- Lebanon, 2007, acrylic on cotton duck, 60 x 55 inches
- Born: 12 October 1934 Sheffield, United Kingdom
- Died: 31 July 2011 (aged 76)
- Education: Sheffield School of Art Royal Academy Schools
- Known for: Painting
- Awards: Appointed Professor of Painting at the Royal Academy Schools (1999)

= John Hoyland =

English painter (1934–2011)

John Hoyland RA (12 October 1934 – 31 July 2011) was a London-based British artist. He was one of the country's leading abstract painters.

==Early life==
John Hoyland was born on 12 October 1934, in Sheffield, Yorkshire, to a working-class family, and educated at Sheffield School of Art and Crafts within the junior art department (1946–51) before progressing to Sheffield College of Art (1951–56), and the Royal Academy Schools, London (1956–60), where Sir Charles Wheeler, the then President of the Royal Academy, ordered that Hoyland's paintings – all abstracts – be removed from the walls of the Diploma Galleries. It was only the intervention of Peter Greenham (Acting Keeper of the Schools) that saved the day, when he reminded Wheeler that Hoyland had painted admired landscapes and figurative paintings– evidence that he could "paint properly".

In 1953, Hoyland went abroad for the first time, hitch-hiking with a friend to southern France. After the bleakness of Sheffield it was a revelation: "To me it was like landing in Tahiti. There was still rationing here. Down there were all these brown girls, swimming and diving, and all these grapes." Hoyland visited again in 1957 with David Smith when he was at the Royal Academy, and succumbed to what he referred to as "the Gauguin syndrome", a lifelong romance with travel and the south.

==Career ==
The 1960s were a crucial decade for Hoyland starting in 1960 with the first of 3 annual London shows featuring large abstract pictures at least 30 feet square aimed at filling the viewers field of vision and dubbed as Situation (short for Situation in London now); it was in these years that he found his voice as an artist. It was also the time when he made his first trip to America, to New York in 1964, travelling on a Peter Stuyvesant Foundation bursary. There he met Robert Motherwell, with whom he was to become great friends, also Mark Rothko and Barnett Newman, and visited their studios. Hoyland's first solo exhibition was held at the Marlborough New London Gallery in 1964 and his first solo museum show at the Whitechapel Art Gallery in 1967, curated by Bryan Robertson. In the 1960s, Hoyland's work was characterised by simple shapes, high-key colour and a flat picture surface. In the 1970s, his paintings became more textured. He exhibited at the Waddington Galleries, London throughout the 1970s and 1980s. During the 1960s and 1970s, he showed his paintings in New York City with the Robert Elkon Gallery and the André Emmerich Gallery. His paintings are closely aligned with Post-Painterly Abstraction, Color Field painting and Lyrical Abstraction. Hoyland disliked the 'abstract' painter label, describing himself simply as 'a painter'. When asked why he disliked the term 'abstraction', he answered: 'It's just too abstract a word. It smacks always of geometry to me, of rational thought. There's no geometry, there's no rectangles in nature, no real straight lines. There's only the circle, the one really powerful form in nature I keep getting drawn back to.'

Retrospectives of his paintings have been held at the Serpentine Gallery (1979), the Royal Academy (1999) and Tate St Ives (2006). In 1982, he won the John Moores Painting Prize and in 1998 the Royal Academy's Wollaston Award.

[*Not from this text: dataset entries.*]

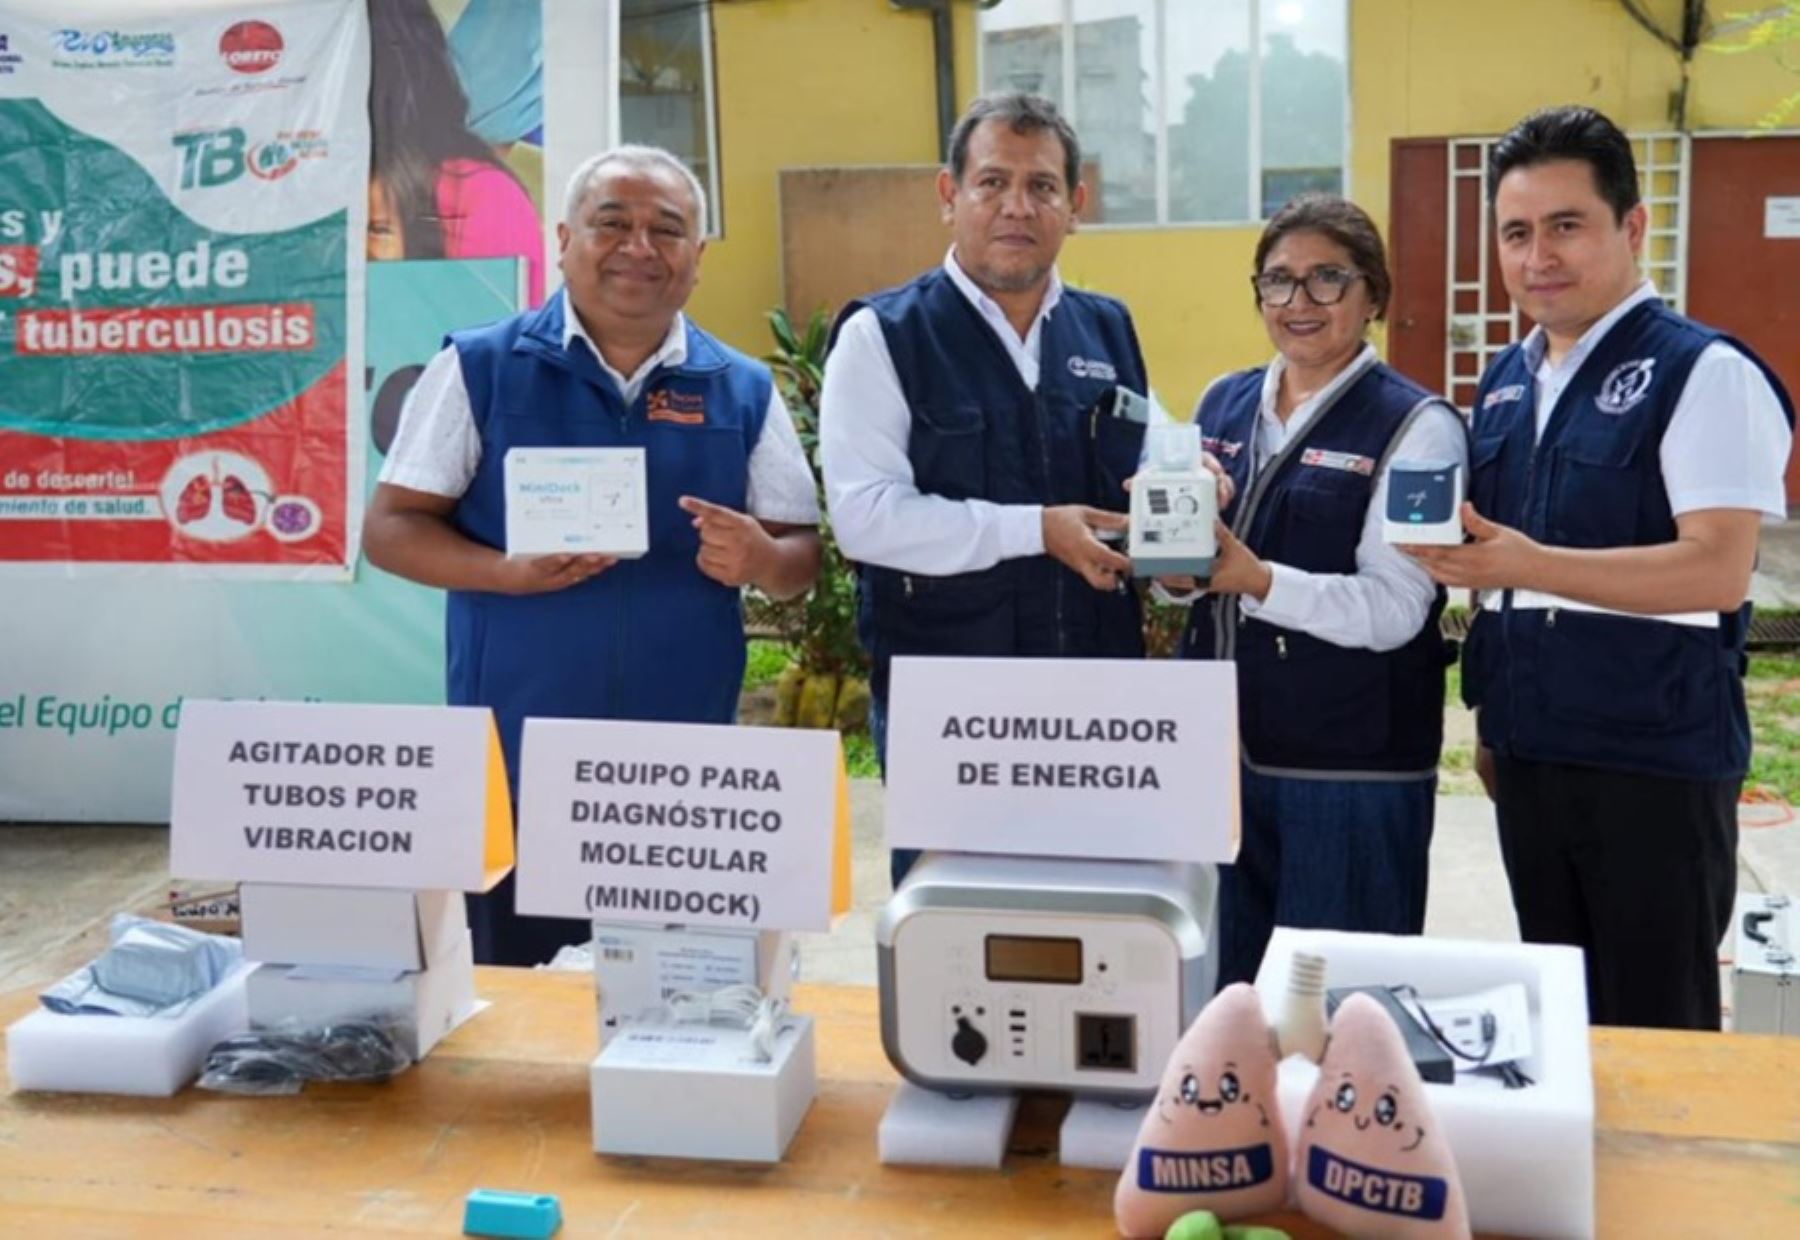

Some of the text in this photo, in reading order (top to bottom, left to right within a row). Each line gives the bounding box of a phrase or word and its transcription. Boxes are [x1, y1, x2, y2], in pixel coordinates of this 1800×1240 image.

[172, 127, 247, 190] TB
[0, 210, 63, 246] s y
[60, 241, 250, 300] puede
[24, 310, 310, 350] tuberculosis
[4, 470, 30, 490] de
[64, 499, 87, 515] de
[36, 694, 152, 736] Equipo
[162, 696, 184, 730] d
[941, 716, 1178, 743] ACUMULADOR
[228, 741, 435, 768] AGITADOR DE
[575, 760, 783, 792] EQUIPO PARA
[957, 762, 1161, 790] DE ENERGIA
[243, 783, 418, 811] TUBOS POR
[571, 798, 783, 833] DIAGNÓSTICO
[244, 827, 413, 853] VIBRACION
[580, 841, 768, 874] MOLECULAR
[585, 884, 761, 923] (MINIDOCK)
[1151, 1154, 1254, 1187] MINSA
[1323, 1160, 1425, 1212] DPCTB
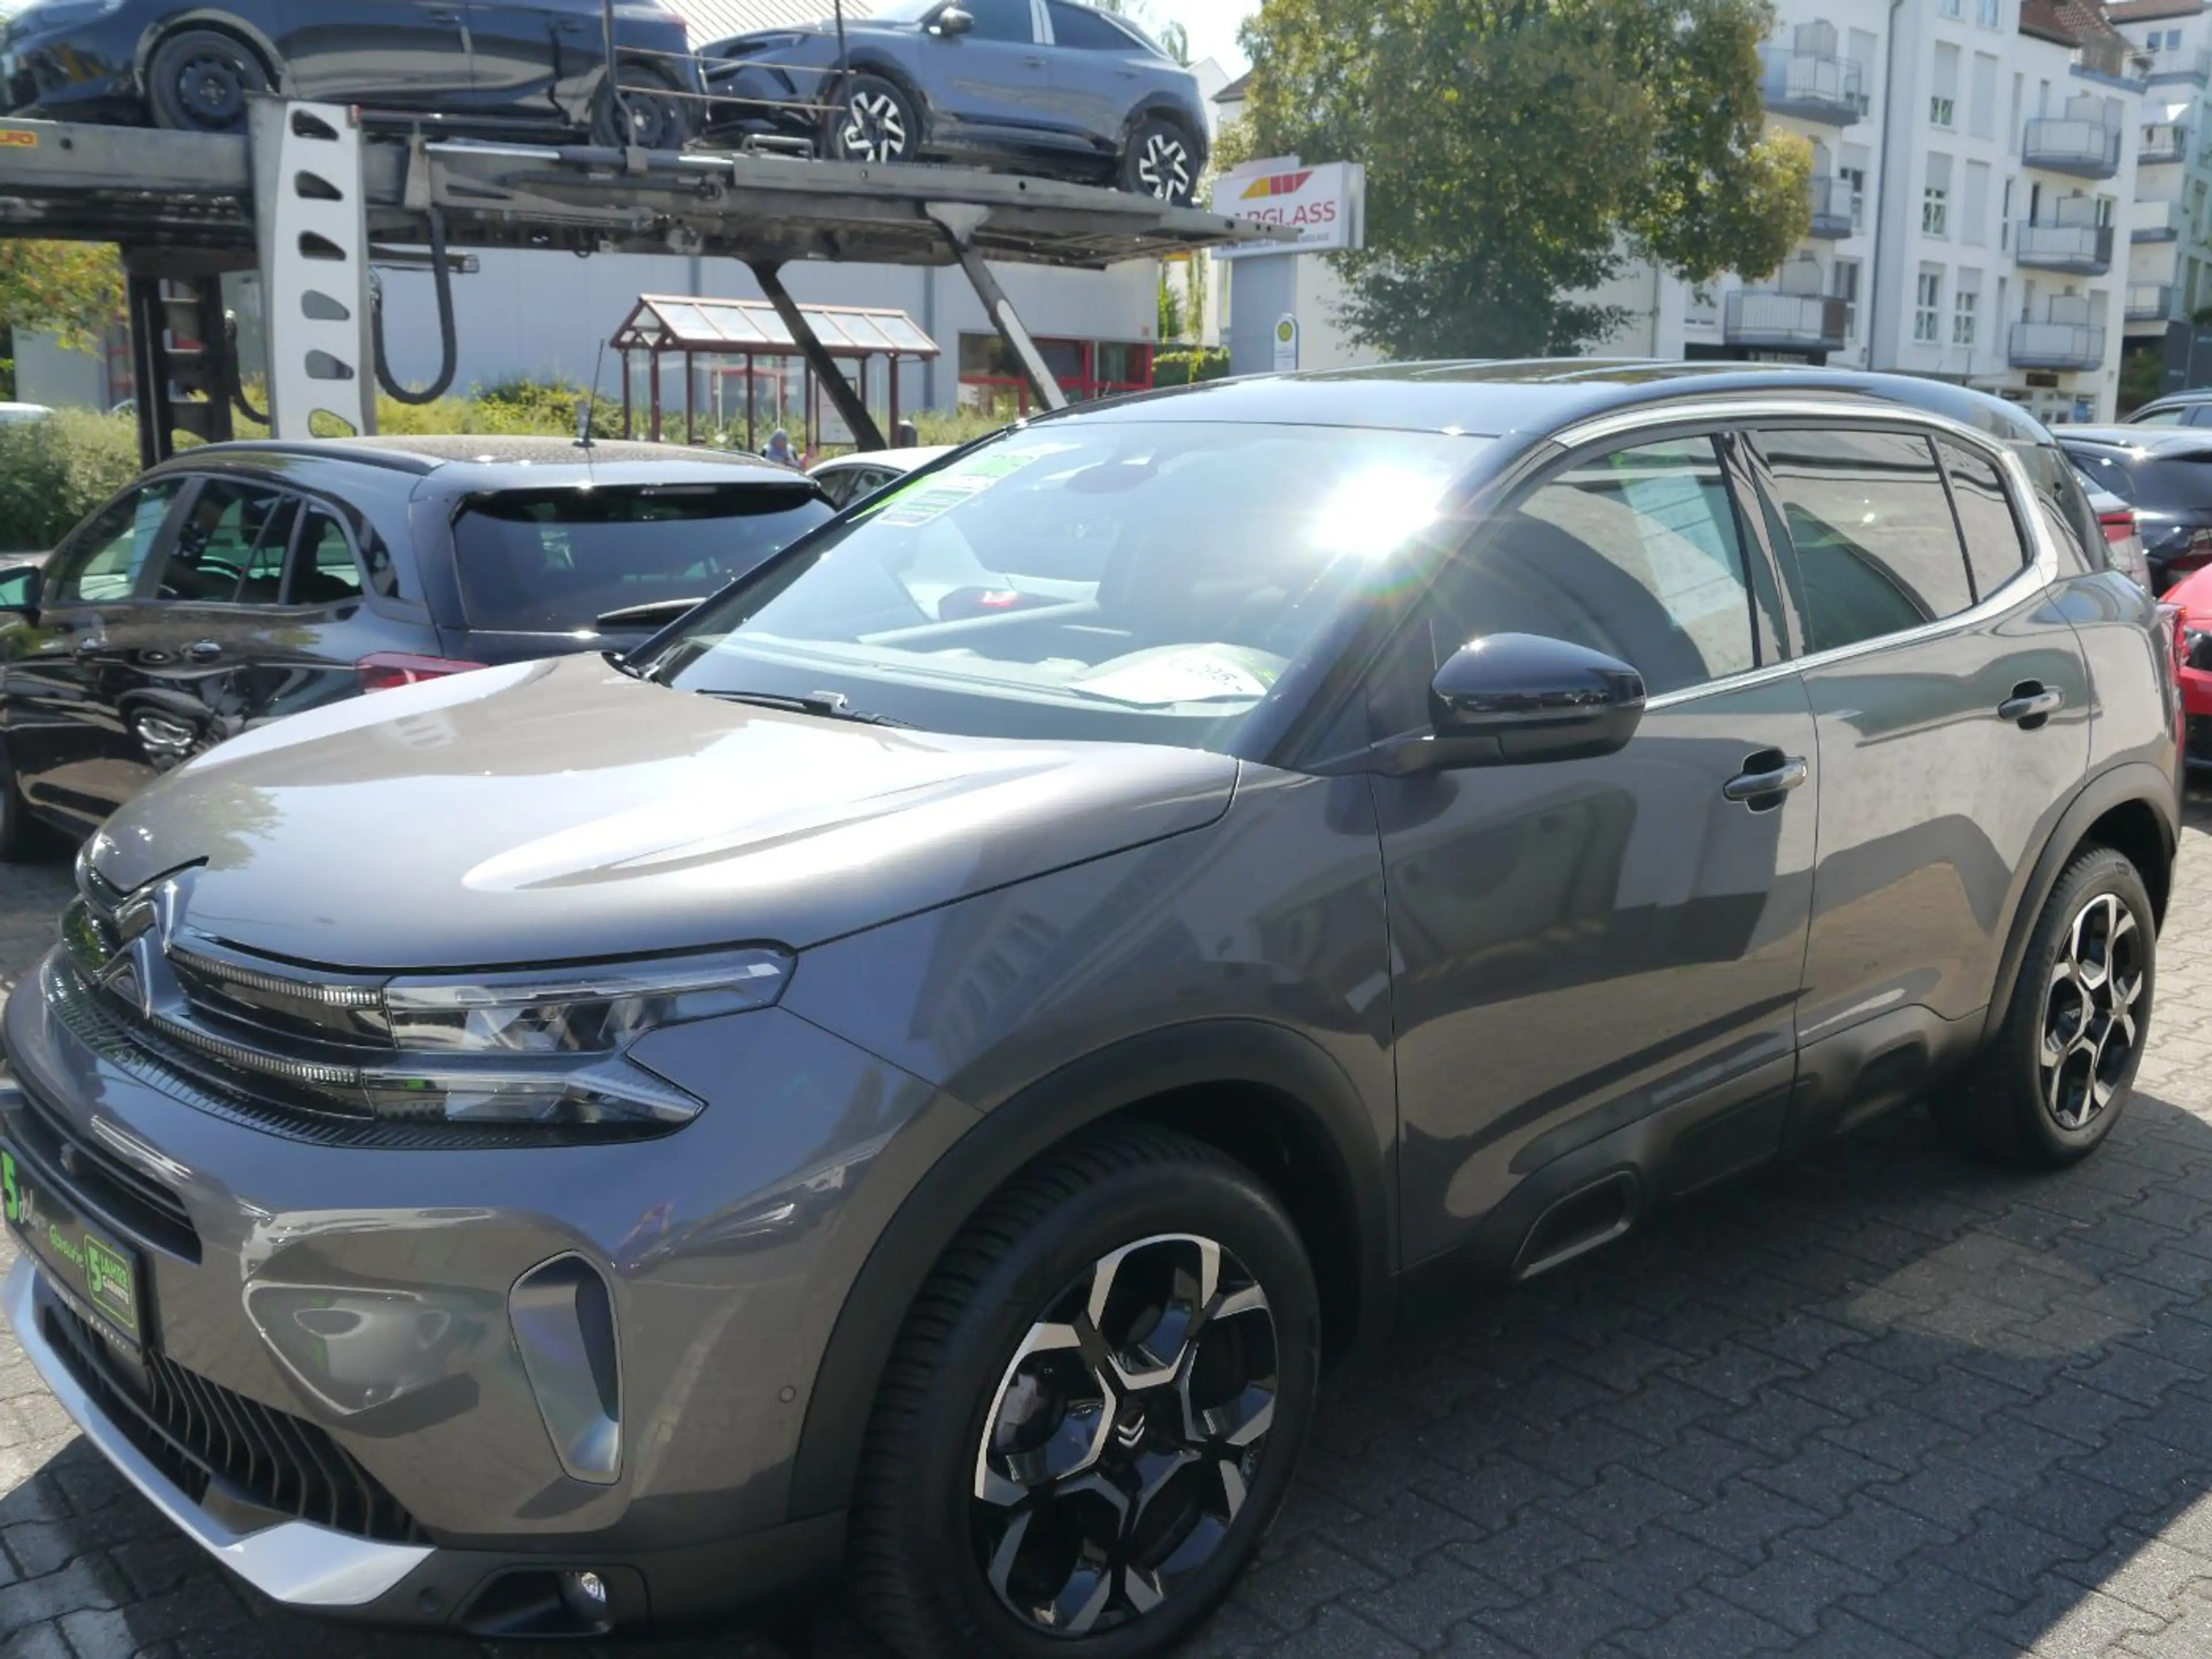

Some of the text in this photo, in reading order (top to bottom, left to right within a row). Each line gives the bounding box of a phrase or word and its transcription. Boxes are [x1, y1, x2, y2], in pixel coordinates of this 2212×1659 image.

His works are held in many public and private collections, including the Tate and Damien Hirst's Murderme Collection. In September 2010, Hoyland and five other British artists including Howard Hodgkin, John Walker, Ian Stephenson, Patrick Caulfield and R.B. Kitaj were included in an exhibition entitled The Independent Eye: Contemporary British Art from the Collection of Samuel and Gabrielle Lurie, at the Yale Center for British Art.

Hoyland was elected to the Royal Academy in 1991 and was appointed Professor of Painting at the Royal Academy Schools in 1999. The National Portrait Gallery holds portraits of the artist in its collection.

==Death==
Hoyland died on 31 July 2011 aged 76, of complications following heart surgery undertaken in 2008. He was survived by his wife Beverley Heath Hoyland and his son Jeremy, from his first marriage to Airi Karakainen.

==Books==
- Hoyland, John (1988). "Hans Hofmann, late paintings"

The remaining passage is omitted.